E
o camarada Quim sabia disso, tanto que foi se encostando de medo que
ele entrou. Tinha poeira até na boca. Tossiu.
— Levanta
e veste a roupa, meu patrão Nhô Augusto, que eu tenho uma novidade
meia ruim, p’ra lhe contar.
E
tremeu mais, porque Nhô Augusto se erguia de um pulo e num átimo se
vestia. Só depois de meter na cintura o revólver, foi que
interpelou, dente em dente: — Fala tudo!
Quim
Recadeiro gaguejou suas palavras poucas, e ainda pôde acrescentar: —
...Eu podia ter arresistido, mas era negócio de honra, com sangue só
p’ra o dono, e pensei que o senhor podia não gostar...
— Fez
na regra, e feito!

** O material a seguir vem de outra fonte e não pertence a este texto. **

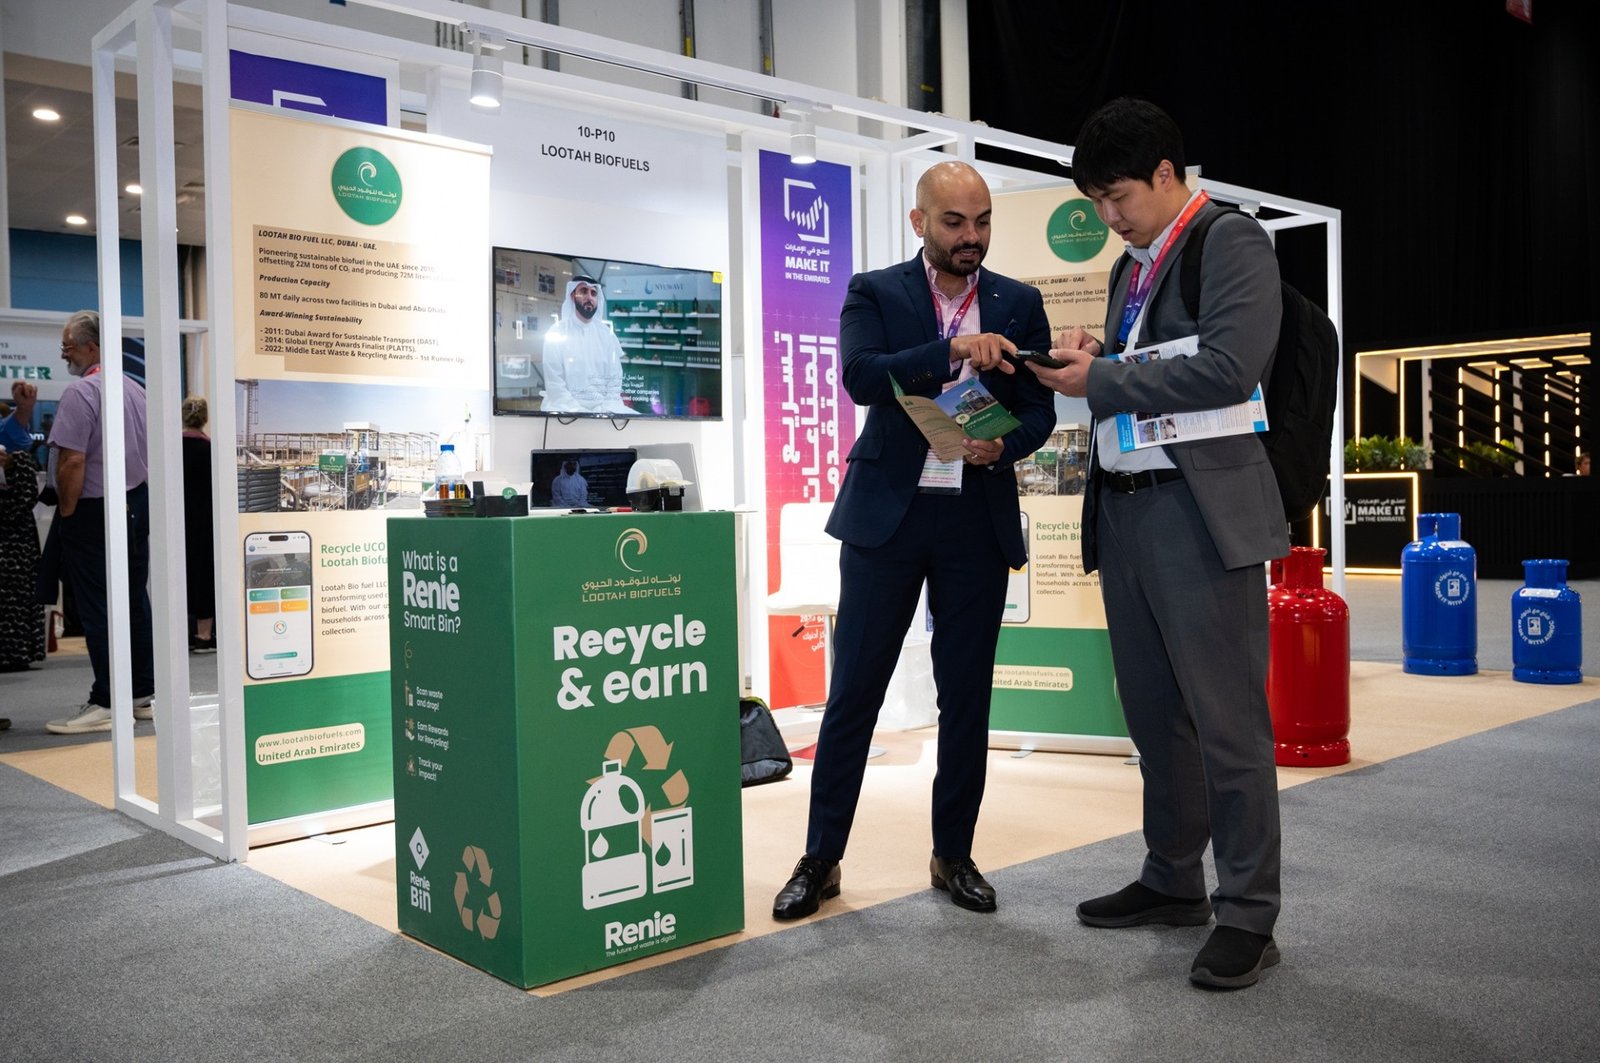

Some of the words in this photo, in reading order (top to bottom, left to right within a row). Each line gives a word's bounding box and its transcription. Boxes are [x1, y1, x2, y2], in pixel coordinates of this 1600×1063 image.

[578, 126, 616, 142] 10-P10
[541, 144, 591, 162] LOOTAH
[594, 152, 650, 172] BIOFUELS
[258, 230, 288, 240] LOOTAH
[321, 238, 335, 246] LLC,
[337, 239, 358, 248] DUBAI
[363, 242, 377, 250] UAE.
[259, 248, 298, 259] Pioneering
[299, 252, 340, 262] sustainable
[342, 256, 365, 265] biofuel
[374, 260, 385, 268] the
[785, 256, 818, 272] MAKE
[820, 260, 830, 272] IT
[259, 257, 294, 268] offsetting
[365, 268, 398, 279] producing
[260, 274, 298, 284] Production
[300, 278, 330, 288] Capacity
[785, 272, 792, 280] IN
[792, 272, 804, 281] THE
[804, 274, 830, 284] EMIRATES
[283, 294, 300, 303] daily
[302, 296, 324, 304] across
[341, 299, 368, 307] facilities
[378, 302, 397, 310] Dubai
[1075, 296, 1105, 304] producing
[260, 310, 313, 321] Award-Winning
[315, 314, 362, 324] Sustainability
[264, 327, 284, 336] 2011:
[285, 328, 306, 336] Dubai
[307, 330, 330, 338] Award
[332, 331, 343, 339] for
[344, 333, 381, 342] Sustainable
[383, 336, 415, 345] Transport
[285, 337, 307, 346] Global
[309, 339, 334, 348] Energy
[335, 341, 360, 349] Awards
[285, 346, 309, 354] Middle
[328, 349, 349, 357] Waste
[358, 351, 387, 360] Recycling
[0, 365, 52, 380] NTER
[774, 330, 800, 464] تسريع
[819, 336, 840, 501] المتقدم
[1358, 506, 1391, 515] MAKE
[1394, 506, 1406, 515] IT
[1036, 522, 1070, 532] Recycle
[321, 543, 361, 556] Recycle
[364, 542, 385, 552] UCO
[321, 556, 358, 568] Lootah
[402, 550, 434, 571] What
[436, 550, 446, 571] is
[449, 556, 458, 572] a
[321, 593, 366, 602] transforming
[402, 571, 460, 612] Renie
[582, 591, 626, 602] LOOTAH
[630, 587, 681, 599] BIOFUELS
[321, 605, 347, 614] biofuel.
[321, 616, 362, 624] households
[404, 611, 436, 630] Smart
[438, 614, 460, 634] Bin?
[322, 627, 357, 636] collection.
[553, 614, 706, 665] Recycle
[556, 667, 595, 710] &
[603, 661, 708, 704] earn
[1035, 680, 1069, 688] Emirates
[416, 686, 428, 696] Scan
[428, 690, 443, 699] waste
[416, 699, 426, 707] and
[427, 702, 440, 712] drop!
[417, 721, 428, 731] Earn
[428, 724, 449, 736] Rewards
[258, 728, 362, 748] www.lootahbiofuels.com
[258, 750, 291, 762] United
[294, 746, 317, 758] Arab
[320, 741, 360, 753] Emirates
[418, 757, 431, 768] Track
[432, 762, 443, 771] your
[410, 870, 431, 891] Renie
[411, 885, 431, 913] Bin
[605, 911, 676, 950] Renie
[616, 946, 632, 955] future
[639, 940, 654, 948] waste
[661, 934, 677, 943] digital
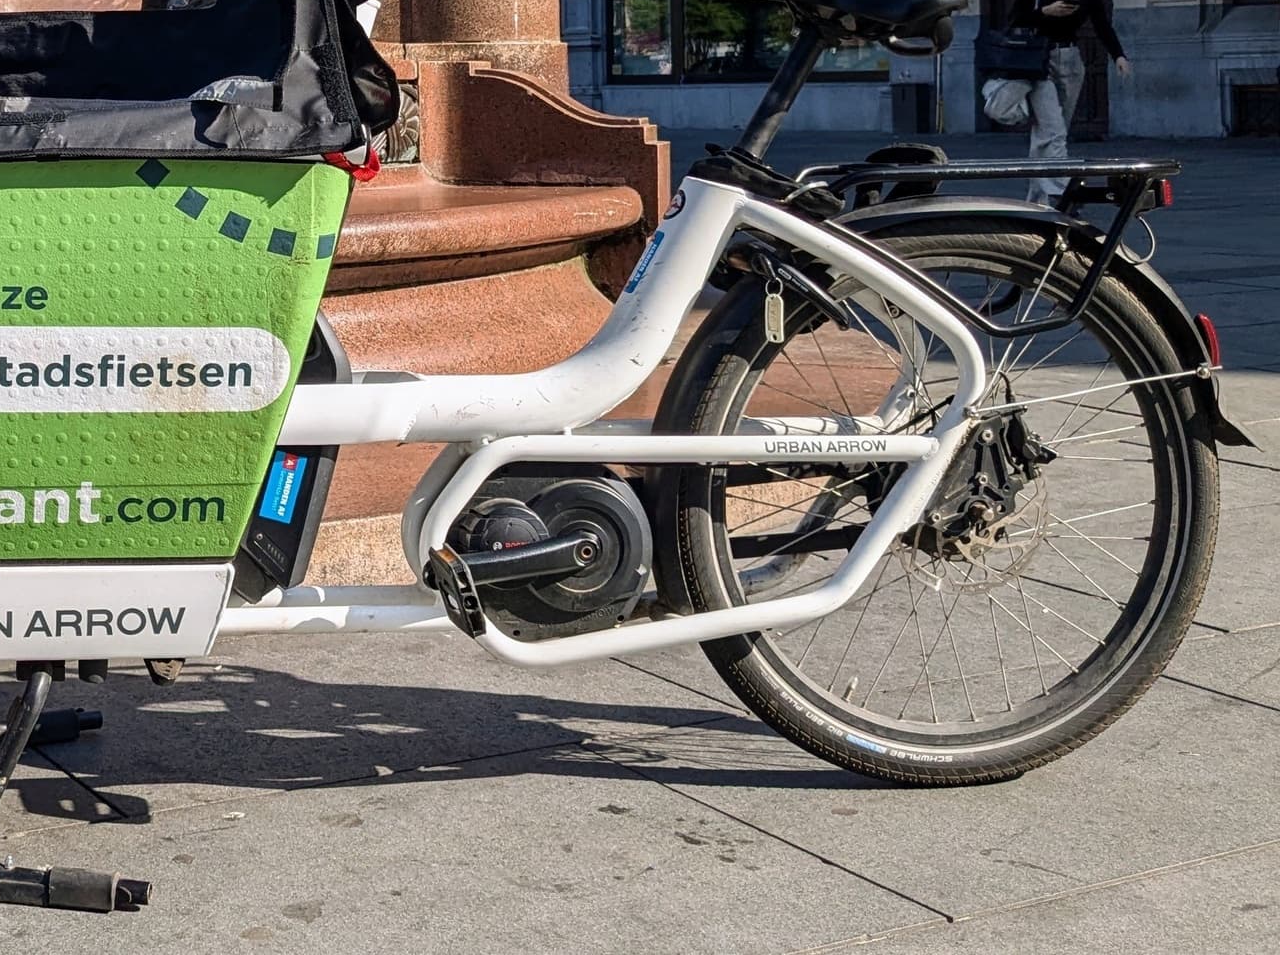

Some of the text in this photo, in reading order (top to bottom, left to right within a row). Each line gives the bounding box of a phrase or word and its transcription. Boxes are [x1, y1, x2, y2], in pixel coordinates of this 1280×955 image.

[764, 440, 887, 453] URBAN ARROW
[280, 472, 295, 505] HANDEN
[23, 607, 186, 638] ARROW
[889, 749, 953, 763] SCHWALBE
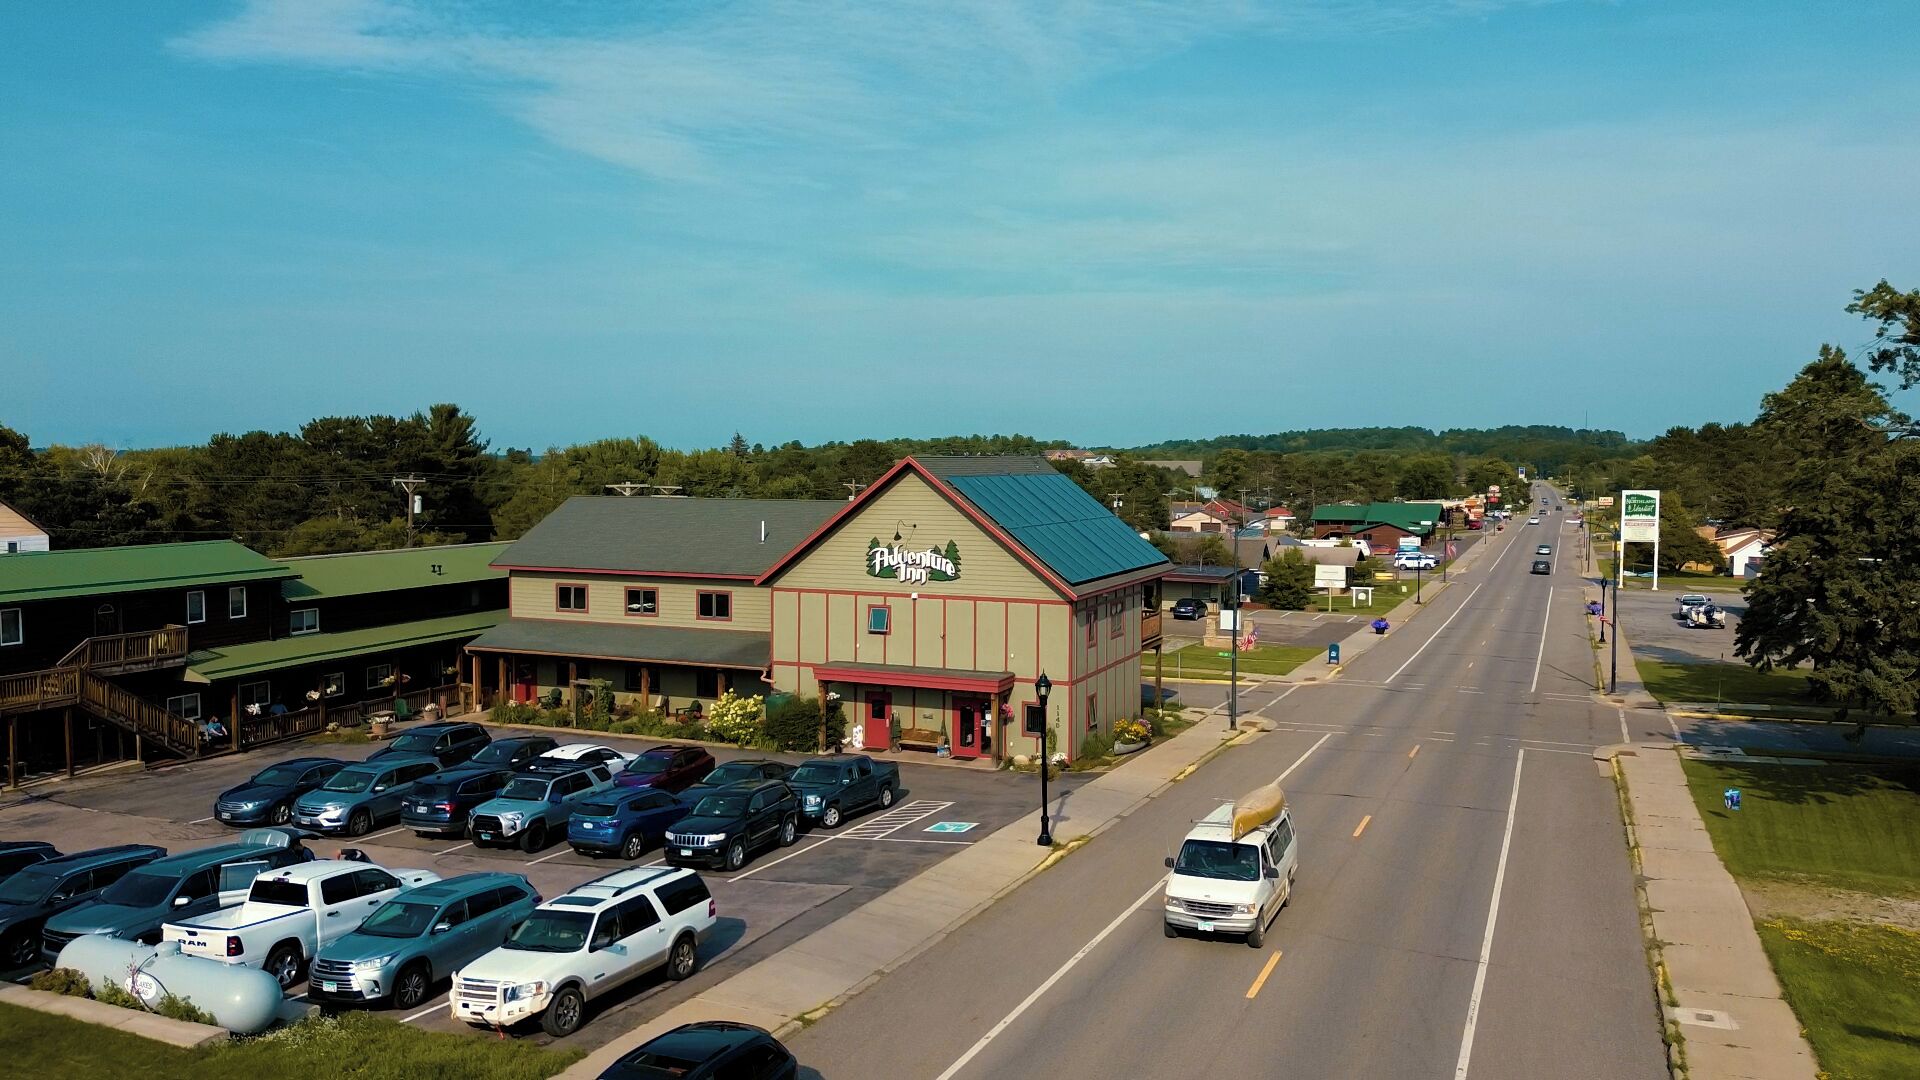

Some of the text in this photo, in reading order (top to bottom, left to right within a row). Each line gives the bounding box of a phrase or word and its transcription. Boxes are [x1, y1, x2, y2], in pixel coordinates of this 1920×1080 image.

[868, 544, 956, 577] Adventure
[893, 562, 927, 584] Inn
[178, 938, 207, 947] RAM
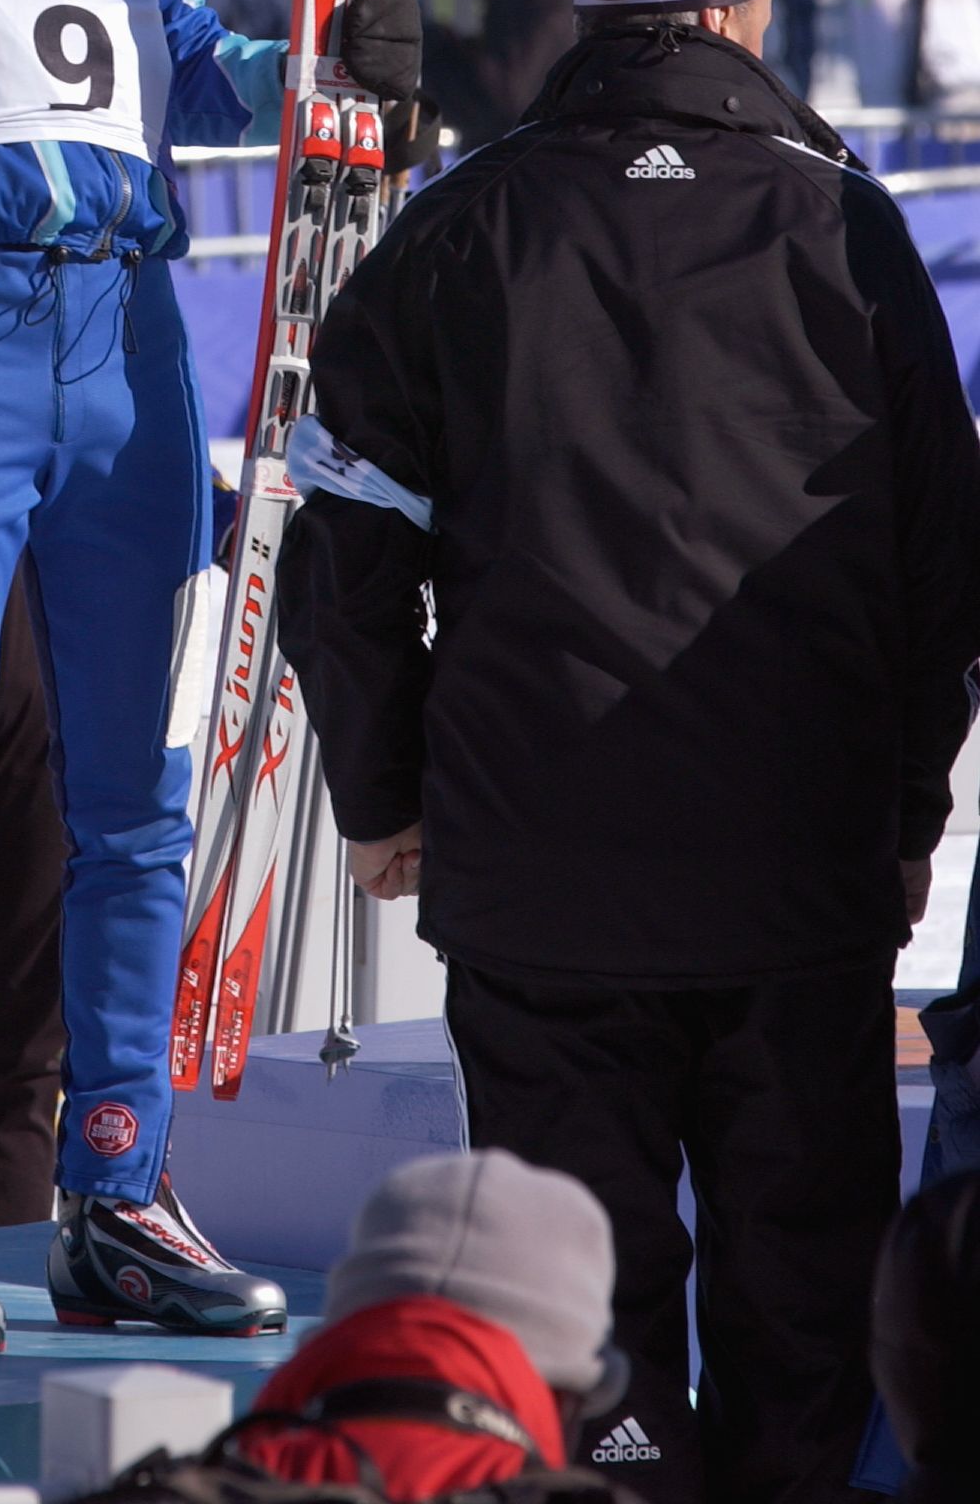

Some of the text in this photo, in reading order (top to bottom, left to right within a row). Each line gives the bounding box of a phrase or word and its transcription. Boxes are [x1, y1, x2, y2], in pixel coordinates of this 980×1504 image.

Chama os meus homens!
Dali
a pouco, porém, tornava o Quim, com nova desolação: os bate-paus
não vinham... Não queriam ficar mais com Nhô Augusto... O Major
Consilva tinha ajustado, um e mais um, os quatro, para seus capangas,
pagando bem. Não vinham, mesmo. O mais merecido, o cabeça, até
mandara dizer, faltando ao respeito: — Fala com Nhô Augusto que
sol de cima é dinheiro!... P’ra ele pagar o que está nos
devendo... E é mandar por portador calado, que nós não podemos
escutar prosa de outro, que seu Major disse que não quer.
— Cachorrada!...
Só de pique... Onde é que eles estão?
— Indo
de mudados, p’ra a chácara do Major...
— Major
de borra! Só de pique, porque era inimigo do meu pai!...Vou lá!
— Mal
em mim não veja, meu patrão Nhô Augusto, mas to dos no lugar estão
falando que o senhor não possui mais nada, que perdeu suas fazendas
e riquezas, e que vai ficar pobre, no já-já... E estão
conversando, o Major mais outros grandes, querendo pegar o senhor à
traição. Estão espalhando... — o senhor dê o perdão p’r’a
minha boca que eu só falo o que é perciso — estão dizendo que o
senhor nunca respeitou filha dos outros nem mulher casada, e mais que
é que nem cobra má, que quem vê tem de matar por obrigação...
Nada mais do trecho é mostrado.